The body’s natural pain killers can be stimulated, according to a new study from Michigan Medicine. Experiments in both cells and mice revealed that pain-relieving compounds in the human body can be effectively enhanced with fewer side effects than opioids.
Drugs like fentanyl, oxycodone, and morphine are known as a reliable source of pain relief, but are also known as the cause of widespread addiction and death.
For years, experts have tried to balance the pain-relieving properties of opioids with their numerous negative side effects without a lot of success. Led by Dr. John Traynor and Dr. Andrew Alt, the Michigan Medicine team has turned its attention to harnessing the body’s own ability to block pain.

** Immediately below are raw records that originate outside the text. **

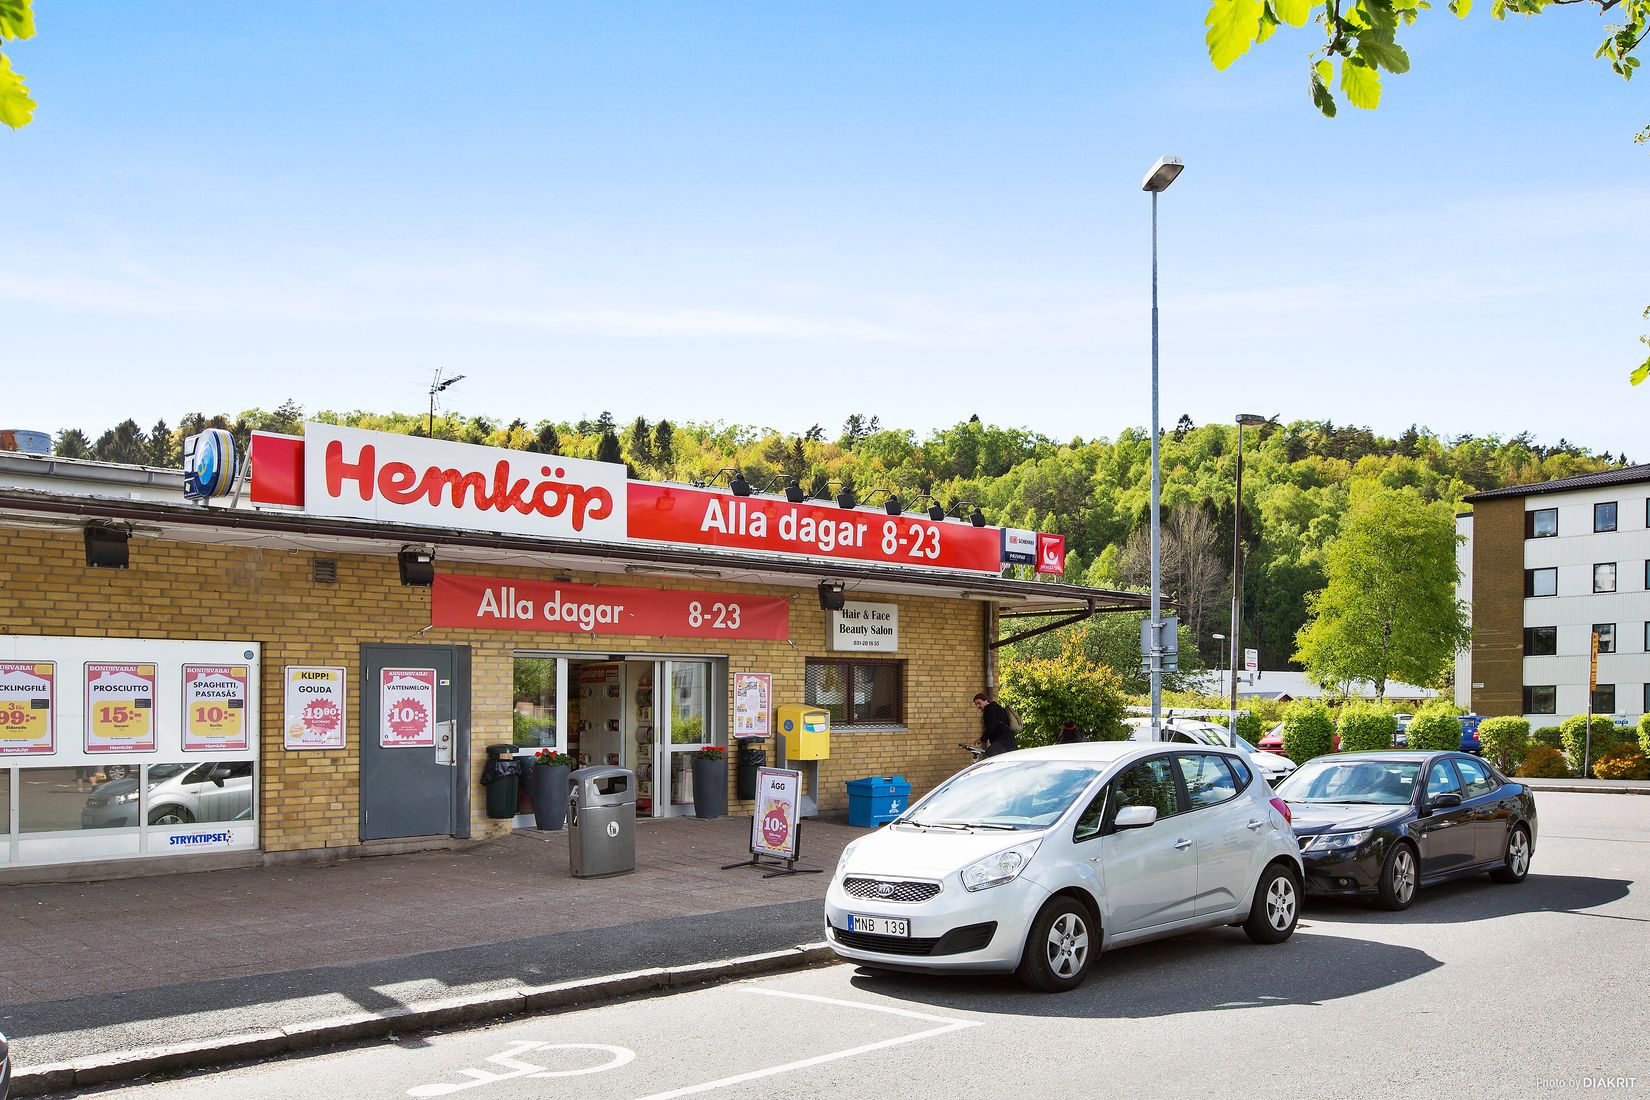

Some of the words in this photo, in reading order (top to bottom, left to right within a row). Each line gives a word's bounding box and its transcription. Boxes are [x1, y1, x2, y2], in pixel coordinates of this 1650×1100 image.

[324, 439, 614, 533] Hemköp
[700, 498, 767, 538] Alla
[778, 508, 868, 552] dagar
[881, 520, 941, 560] 8-23
[476, 586, 535, 620] Alla
[543, 590, 624, 632] dagar
[687, 600, 742, 630] 8-23
[842, 608, 861, 619] Hair
[863, 610, 870, 620] &
[871, 610, 891, 621] Face
[839, 623, 869, 637] Beauty
[870, 624, 893, 636] Salon
[301, 671, 330, 680] KLIPP!
[93, 684, 149, 692] PROSCIUTTO
[193, 681, 239, 690] SPAGHETTI,
[298, 685, 333, 694] GOUDA
[195, 689, 237, 698] PASTASÅS
[8, 702, 15, 711] 3
[100, 706, 142, 724] 15:-
[195, 706, 236, 723] 10:-
[391, 707, 425, 723] 10:-
[770, 780, 786, 791] ÄGG
[764, 816, 787, 832] 10:-
[169, 832, 227, 846] STRYKTIPSET
[854, 917, 875, 932] MNB
[884, 920, 906, 935] 139
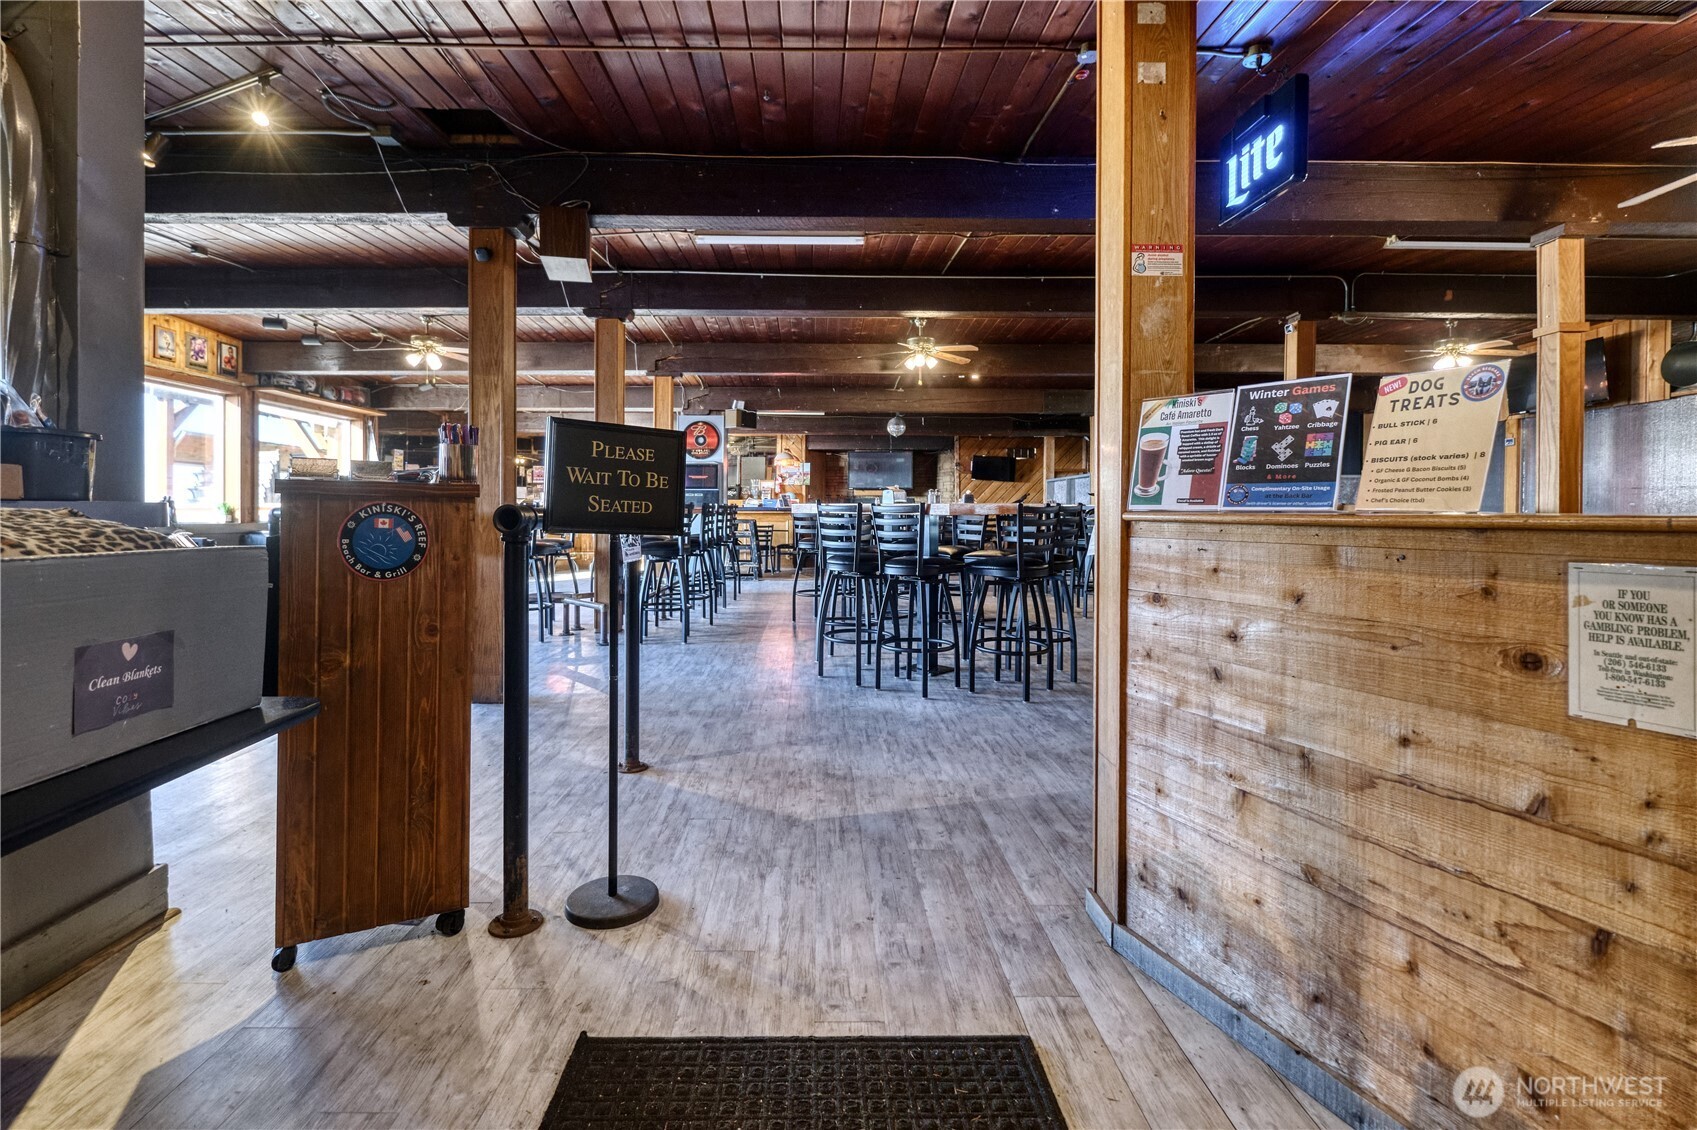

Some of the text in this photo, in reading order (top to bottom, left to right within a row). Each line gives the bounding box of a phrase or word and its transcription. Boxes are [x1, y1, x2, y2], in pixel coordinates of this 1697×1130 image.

[1226, 124, 1283, 208] Lite
[1250, 384, 1336, 400] Winter Games
[1384, 381, 1402, 394] NEW!
[1408, 377, 1445, 394] DOG
[1172, 398, 1202, 409] Kiniski's
[1390, 392, 1460, 412] TREATS
[1160, 411, 1175, 421] Café
[1178, 409, 1212, 419] Amaretto
[1307, 421, 1338, 429] Cribbage
[1400, 419, 1426, 428] STICK
[592, 441, 655, 462] PLEASE
[1440, 452, 1469, 460] varies)
[566, 466, 669, 489] WAIT TO BE
[588, 495, 653, 514] SEATED
[359, 503, 426, 548] KINISKI'S REEF
[342, 539, 355, 564] Beach
[355, 564, 371, 575] Bar
[385, 566, 407, 578] Grill
[1618, 589, 1650, 600] IF YOU
[1602, 600, 1668, 614] OR SOMEONE
[1594, 610, 1678, 627] YOU KNOW HAS A
[1584, 621, 1690, 640] GAMBLING PROBLEM,
[1589, 632, 1685, 651] HELP IS AVAILABLE.
[1601, 650, 1622, 658] Seattle
[1598, 665, 1622, 674] Toll-free
[1604, 658, 1666, 672] (206) 546-6133
[89, 665, 162, 691] Clean Blankets
[1605, 673, 1666, 688] 1-800-547-6133
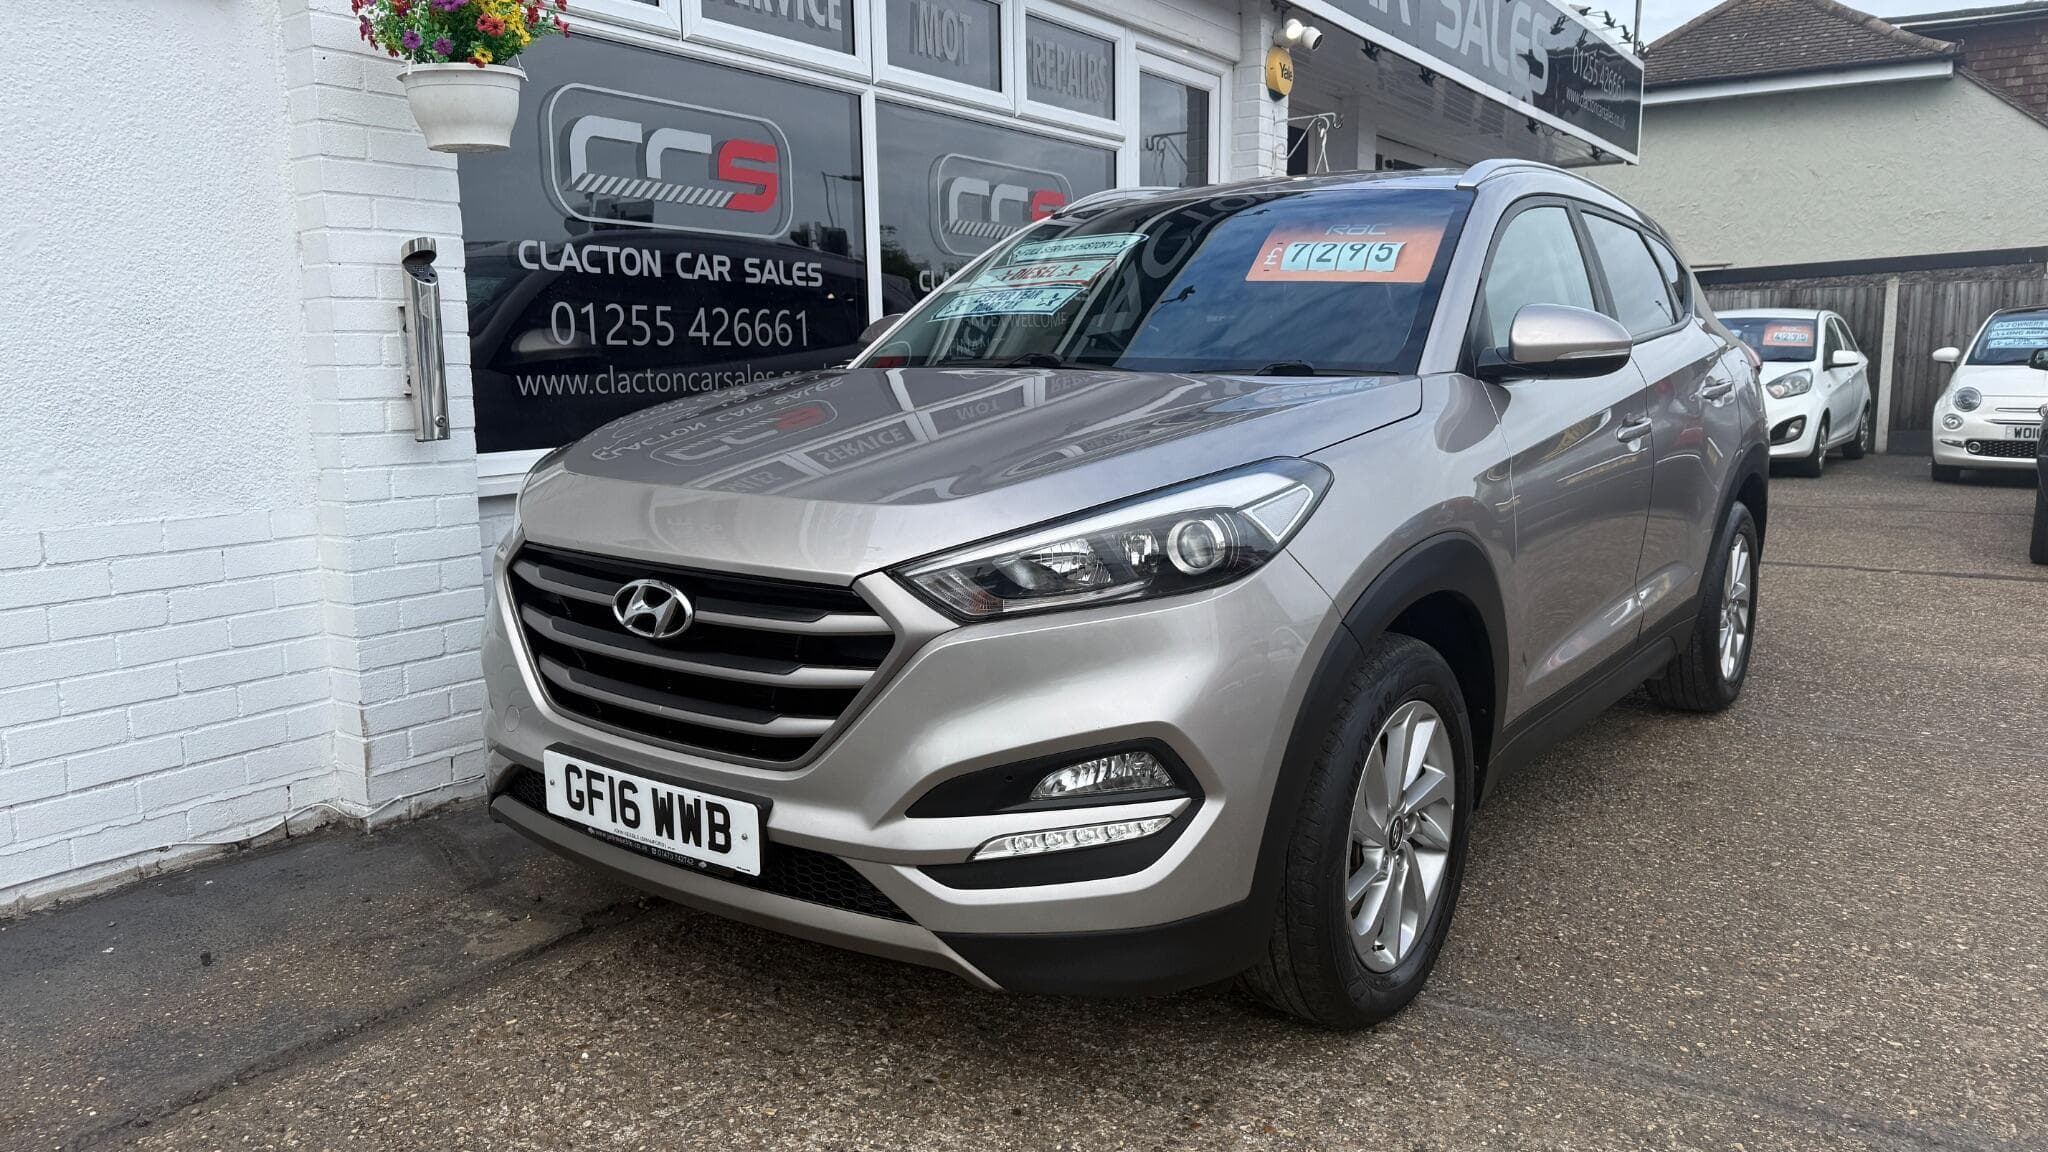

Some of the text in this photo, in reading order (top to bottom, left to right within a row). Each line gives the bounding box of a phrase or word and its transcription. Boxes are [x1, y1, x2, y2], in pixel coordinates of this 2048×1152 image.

[917, 0, 972, 65] MOT
[1032, 37, 1107, 100] REPAIRS
[1279, 62, 1293, 82] Yale
[1572, 46, 1626, 99] 01255 426661
[518, 240, 823, 287] CLACTON CAR SALES
[1009, 264, 1062, 280] DIESEL
[550, 301, 808, 347] 01255 426661
[564, 763, 732, 854] GF16 WWB

All opioid drugs, from opium to heroin, work on receptors that are naturally present in the brain and elsewhere in the body. One receptor, the mu-opioid receptor, binds to natural pain killers in the body called endogenous endorphins and enkephalins.
“Normally, when you are in pain, you are releasing endogenous opioids, but they’re just not strong enough or long lasting enough,” said Dr. Traynor. The team had long theorized that substances called positive allosteric modulators could be used to enhance the body’s endorphins and enkephalins.
In their latest study, the researchers have demonstrated that a positive allosteric modulator known as BMS-986122 can boost the ability of enkephalins to activate the mu-opioid receptor.
Unlike opioid drugs, positive allosteric modulators only work in the presence of endorphins or enkephalins, meaning they would only kick in when needed for pain relief.
The modulators bind to the receptor in a different location than opioids – one that enhances the receptor’s ability to respond to natural pain relief.
“When you need enkephalins, you release them in a pulsatile fashion in specific regions of the body, then they are metabolized quickly,” explained Dr. Traynor. “In contrast, a drug like morphine floods the body and brain and sticks around for several hours.”
The next goal is to enhance activation of endogenous opioids under conditions of stress or chronic pain, to ensure that they are effective but do not lead to more dangerous responses like depression of breathing, said Dr. Traynor.
“While these molecules won’t solve the opioid crisis, they could slow it and prevent it from happening again because patients in pain could take this type of a drug instead of a traditional opioid drug.”
The study is published in the journal Proceedings of the National Academy of Sciences.